_Required action_: Ignoring the pictures, repeat every entry below exactly as it appears.

Stored data entries
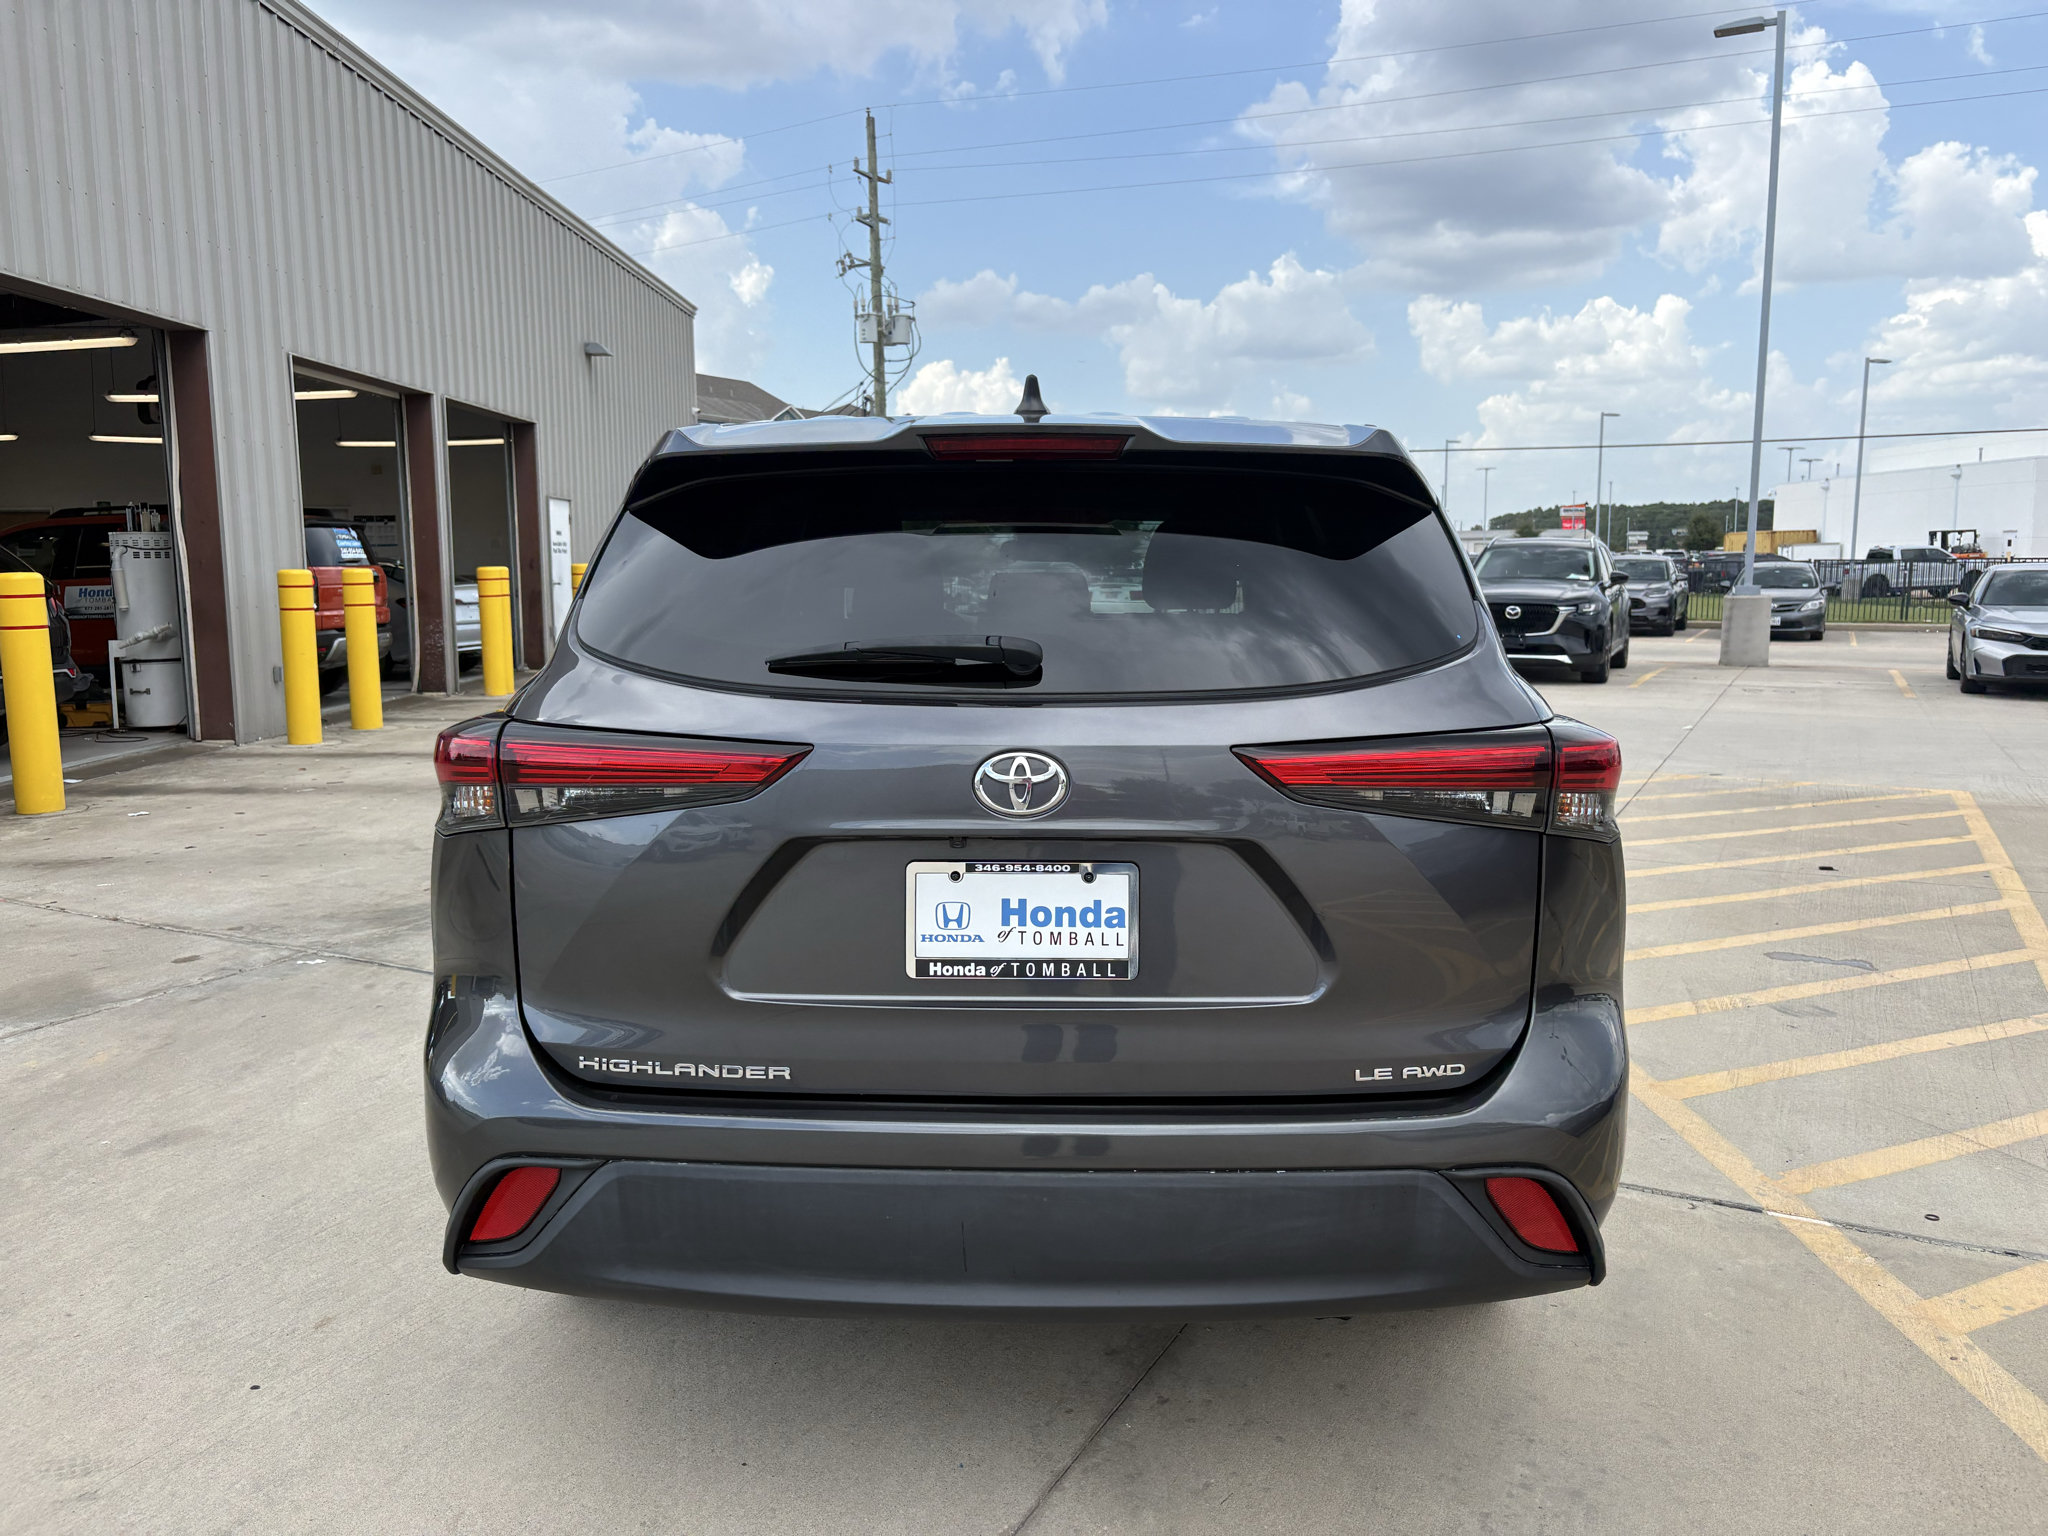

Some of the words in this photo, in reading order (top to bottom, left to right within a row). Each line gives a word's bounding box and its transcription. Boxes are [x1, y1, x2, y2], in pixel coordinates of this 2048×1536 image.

[78, 587, 113, 598] Hond
[974, 864, 1071, 873] 346-954-8400
[1000, 898, 1126, 929] Honda
[920, 933, 985, 943] HONDA
[997, 927, 1016, 943] of
[1018, 930, 1125, 947] TOMBALL
[929, 962, 986, 976] Honda
[989, 962, 1007, 977] of
[1011, 963, 1116, 977] TOMBALL
[578, 1055, 792, 1080] HIGHLANDER
[1355, 1067, 1393, 1082] LE
[1402, 1063, 1466, 1079] AWD

_Worked solution_:
Some of the words in this photo, in reading order (top to bottom, left to right within a row). Each line gives a word's bounding box and its transcription. Boxes are [x1, y1, x2, y2], in pixel coordinates of this 2048×1536 image.

[78, 587, 113, 598] Hond
[974, 864, 1071, 873] 346-954-8400
[1000, 898, 1126, 929] Honda
[920, 933, 985, 943] HONDA
[997, 927, 1016, 943] of
[1018, 930, 1125, 947] TOMBALL
[929, 962, 986, 976] Honda
[989, 962, 1007, 977] of
[1011, 963, 1116, 977] TOMBALL
[578, 1055, 792, 1080] HIGHLANDER
[1355, 1067, 1393, 1082] LE
[1402, 1063, 1466, 1079] AWD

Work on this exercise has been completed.